In Development: An Open Source Language For Cell Programming 31
hessian writes with a story at Wired (excerpt below) about a project from Drew Endy of the International Open Facility Advancing Biotechnology, or BIOFAB, to standardize a programming language connecting genetic information from DNA to the cell components that DNA can create. "The BIOFAB project is still in the early stages. Endy and the team are creating the most basic of building blocks — the 'grammar' for the language. Their latest achievement, recently reported in the journal Science, has been to create a way of controlling and amplifying the signals sent from the genome to the cell. Endy compares this process to an old fashioned telegraph. 'If you want to send a telegraph from San Francisco to Los Angeles, the signals would get degraded along the wire,' he says. "At some point, you have to have a relay system that would detect the signals before they completely went to noise and then amplify them back up to keep sending them along their way.""
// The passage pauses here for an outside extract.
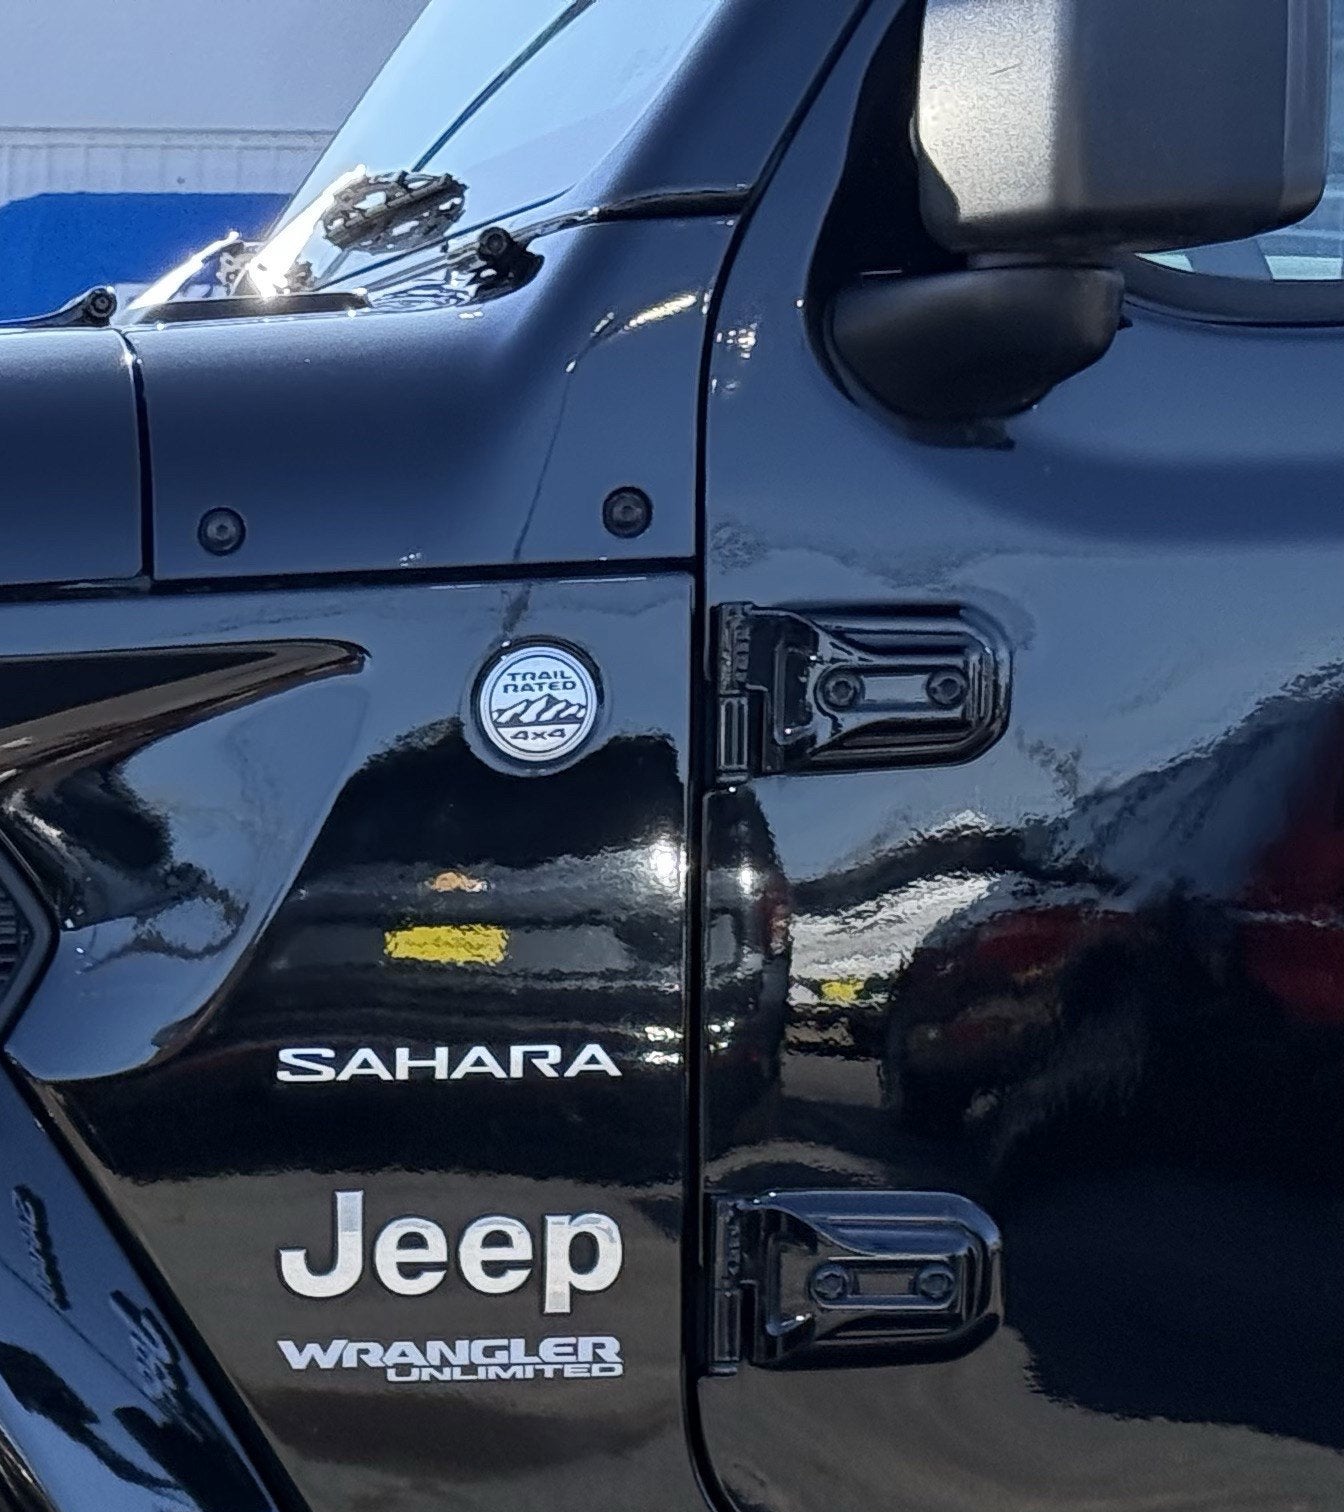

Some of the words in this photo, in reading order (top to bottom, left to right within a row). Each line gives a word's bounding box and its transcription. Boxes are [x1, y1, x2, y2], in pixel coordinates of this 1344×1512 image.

Good job, Slashdot, your SSL is expired (Score:3, Informative)
Try it and see [slashdot.org]. Expired about an hour ago. Glad everyone is on the ball.
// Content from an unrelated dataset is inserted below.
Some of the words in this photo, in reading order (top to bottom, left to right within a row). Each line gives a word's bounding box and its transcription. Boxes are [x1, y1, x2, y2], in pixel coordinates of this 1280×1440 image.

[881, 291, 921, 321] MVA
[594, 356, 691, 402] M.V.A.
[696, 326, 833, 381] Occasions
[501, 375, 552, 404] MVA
Re:Good job, Slashdot, your SSL is expired (Score:4, Informative)
Everyone seems to be screwing up their SSL lately. Bing is broken too [bing.com], because the cert seems to point to some akamai domain and isn't valid for bing.com.
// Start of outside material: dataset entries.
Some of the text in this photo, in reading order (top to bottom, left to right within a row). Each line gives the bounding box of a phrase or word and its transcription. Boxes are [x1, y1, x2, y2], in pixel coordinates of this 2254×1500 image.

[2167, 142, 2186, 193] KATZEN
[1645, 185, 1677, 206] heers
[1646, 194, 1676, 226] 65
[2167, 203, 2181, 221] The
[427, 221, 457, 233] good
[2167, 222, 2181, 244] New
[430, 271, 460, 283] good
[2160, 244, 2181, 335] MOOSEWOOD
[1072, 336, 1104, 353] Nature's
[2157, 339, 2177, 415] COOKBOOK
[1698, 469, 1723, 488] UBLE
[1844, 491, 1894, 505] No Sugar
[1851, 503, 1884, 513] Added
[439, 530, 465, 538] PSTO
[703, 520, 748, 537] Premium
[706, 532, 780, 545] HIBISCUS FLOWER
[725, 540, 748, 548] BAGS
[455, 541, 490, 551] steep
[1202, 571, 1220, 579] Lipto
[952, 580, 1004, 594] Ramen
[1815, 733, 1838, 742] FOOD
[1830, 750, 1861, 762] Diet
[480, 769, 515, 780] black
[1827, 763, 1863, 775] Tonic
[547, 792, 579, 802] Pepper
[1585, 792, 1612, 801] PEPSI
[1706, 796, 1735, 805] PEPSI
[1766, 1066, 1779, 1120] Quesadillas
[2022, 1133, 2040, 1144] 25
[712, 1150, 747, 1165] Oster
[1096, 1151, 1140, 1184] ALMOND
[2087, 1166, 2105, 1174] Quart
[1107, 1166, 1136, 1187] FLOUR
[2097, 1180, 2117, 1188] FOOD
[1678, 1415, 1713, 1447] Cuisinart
The Science Article in Question (Score:5, Informative)
http://www.sciencemag.org/content/early/2013/03/27/science.1232758 [sciencemag.org]
Amplifying Genetic Logic Gates
Abstract
Organisms must process information encoded via developmental and environmental signals to survive and reproduce. Researchers have also engineered synthetic genetic logic to realize simpler, independent control of biological processes. We developed a three-terminal device architecture, termed the transcriptor, that uses bacteriophage serine integrases to control the flow of RNA polymerase along DNA. Integrase-mediated inversion or deletion of DNA encoding transcription terminators or a promoter modulate transcription rates. We realize permanent amplifying AND, NAND, OR, XOR, NOR, and XNOR gates actuated across common control signal ranges and sequential logic supporting autonomous cell-cell communication of DNA encoding distinct logic gate states. The single-layer digital logic architecture developed here enables engineering of amplifying logic gates to control transcription rates within and across diverse organisms.